There is little consensus on how many hours of accelerometer wear time is needed to reflect a usual day. This study identifies the bias in daily physical activity (PA) estimates caused by accelerometer wear time.

Methods:

124 adults (age = 41 ± 11 years; BMI = 27 ± 7 kg·m-2) contributed approximately 1,200 days accelerometer wear time. Five 40 day samples were randomly selected with 10, 11, 12, 13, and 14 h·d-1 of wear time. Four semisimulation data sets (10, 11, 12, 13 h·d-1) were created from the reference 14 h·d-1 data set to assess Absolute Percent Error (APE). Repeated-measures ANOVAs compared min·d-1 between 10, 11, 12, 13 h·d-1 and the reference 14 h·d-1 for inactivity (<100 cts·min-1), light (100−1951 cts·min-1), moderate (1952−5724 cts·min-1), and vigorous (≥5725 cts·min-1) PA.

Results:

APE ranged from 5.6%−41.6% (10 h·d-1 = 28.2%−41.6%; 11 h·d-1 = 20.3%−36.0%; 12 h·d-1 = 13.5%−14.3%; 13 h·d-1 = 5.6%−7.8%).

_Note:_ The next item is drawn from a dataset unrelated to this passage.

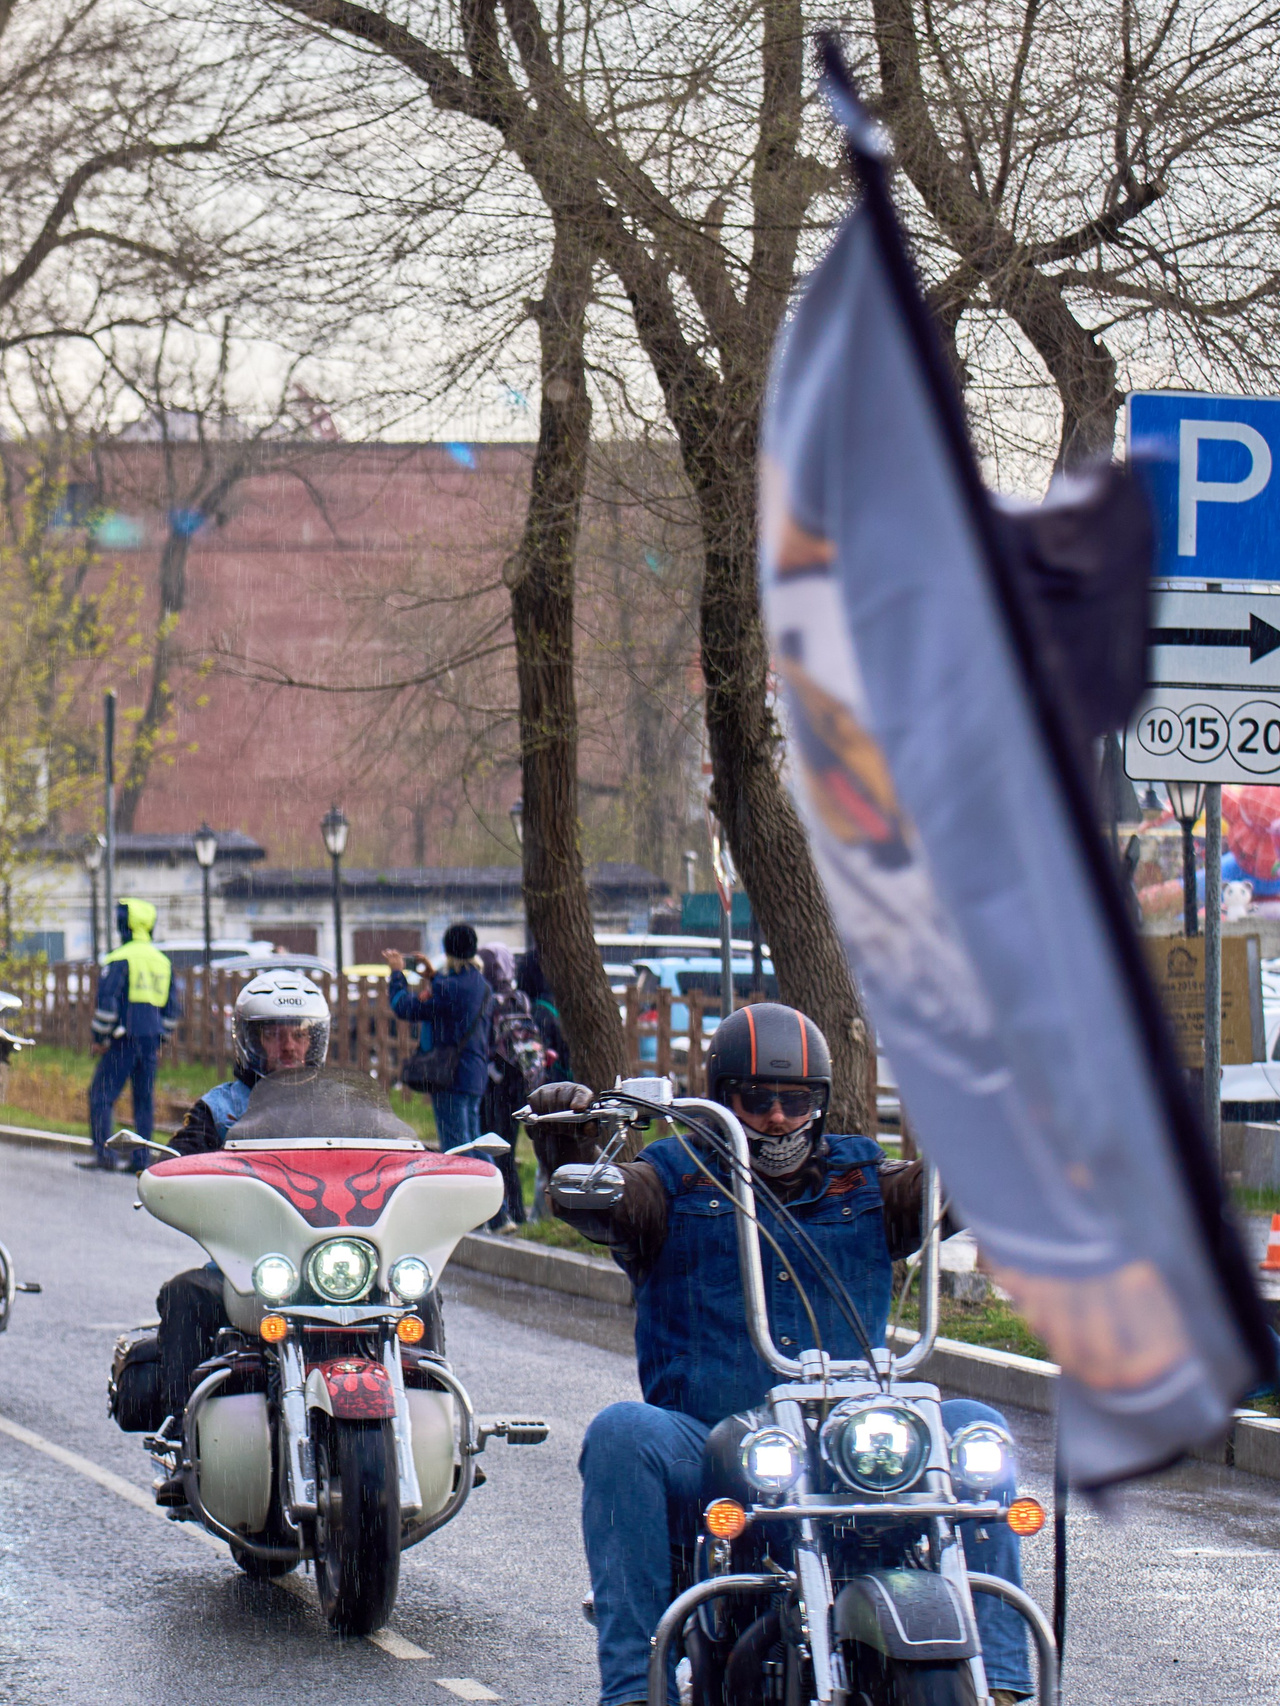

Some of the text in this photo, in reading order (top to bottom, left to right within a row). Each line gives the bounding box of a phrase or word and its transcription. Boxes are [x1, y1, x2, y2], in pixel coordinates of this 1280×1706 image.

Min·d-1 differences were observed for inactivity, light, and moderate PA between 10, 11, 12, and 13 h·d-1 and the reference (P < .05).

Conclusions:

This suggests a minimum accelerometer wear time of 13 h·d-1 is needed to provide a valid measure of daily PA when 14 h·d-1 is used as a reference.